北朝鮮軍(以下、北軍)がロシア・ウクライナ戦争に参戦する――。10月上旬にウクライナや韓国の政府周辺からそんな情報が流れ始めた当初は、まだその真偽について懐疑的な見方が多かった。しかしその後、北朝鮮兵の映像、あるいは人数や部隊編成などの具体的な情報が出回り、もはや参戦の事実を疑う声はなくなった。

先遣隊としてロシア入りしていた3000人は、朝鮮半島有事の際には韓国に浸透して工作・破壊活動を担う、第11軍団の精鋭特殊部隊「暴風軍団」とされる。

北軍特殊部隊の能力は謎に包まれているが、1968年1月に北軍特殊部隊が韓国大統領の暗殺を狙った「青瓦台襲撃未遂事件」の際、南北国境線(38度線)付近に展開した米陸軍特殊部隊「グリーンベレー」に所属していた三島瑞穂軍曹(故人)は、「北軍特殊部隊の兵士は、38度線付近の地雷原を障害走のように跳び越え、全力走で突破してくる」とブリーフィングを受けたという。

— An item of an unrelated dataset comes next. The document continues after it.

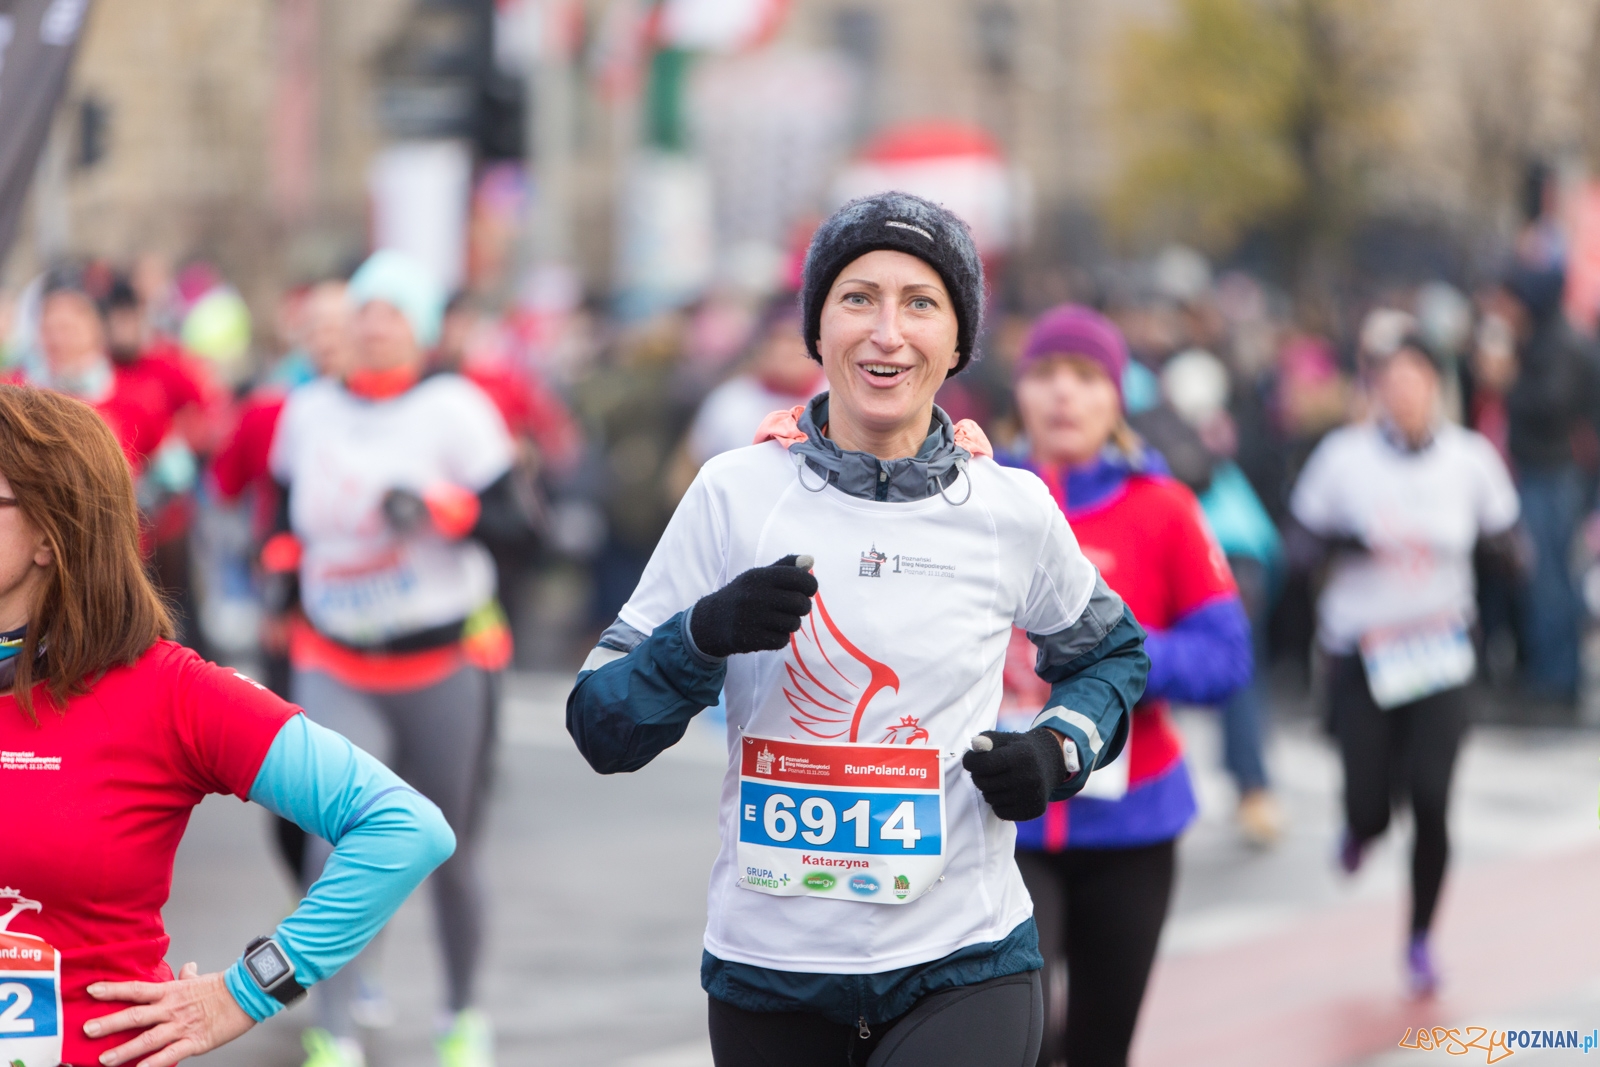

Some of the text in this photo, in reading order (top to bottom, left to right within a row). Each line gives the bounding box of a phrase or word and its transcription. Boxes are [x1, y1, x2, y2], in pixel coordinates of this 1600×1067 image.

上半身裸になっての戦闘訓練などのパフォーマンスはたびたび発信されるものの、北朝鮮軍特殊部隊の実際の能力は謎に包まれた部分が多い 上半身裸になっての戦闘訓練などのパフォーマンスはたびたび発信されるものの、北朝鮮軍特殊部隊の実際の能力は謎に包まれた部分が多い

元陸上自衛隊中央即応集団司令部幕僚長の二見 龍氏(元陸将補)はこう分析する。

「特殊部隊が先にロシア入りした理由は、ウクライナ軍(以下、ウ軍)の特性に合わせた戦い方を学ぶためでしょう。特に、ウ軍の戦法―部隊の移動、補給、砲兵運用、機甲戦力による突進、塹壕戦、偵察・攻撃ドローンの種類や運用方法といった内容を研究するためであると思われます。

この先遣隊は幹部が主体とされ、作戦のシミュレーション教育、現地司令部での研修の体制をすでに確立している可能性があります」

そして10月28日、NATO(北大西洋条約機構)のルッテ事務総長は、この特殊部隊員3000人を含めた北軍派兵部隊1万2000人(そのうち将官3人、将校500人)が、ウクライナが〝逆侵攻〟しているロシア西部のクルスク州に、すでに配置されたことを確認したと発表した。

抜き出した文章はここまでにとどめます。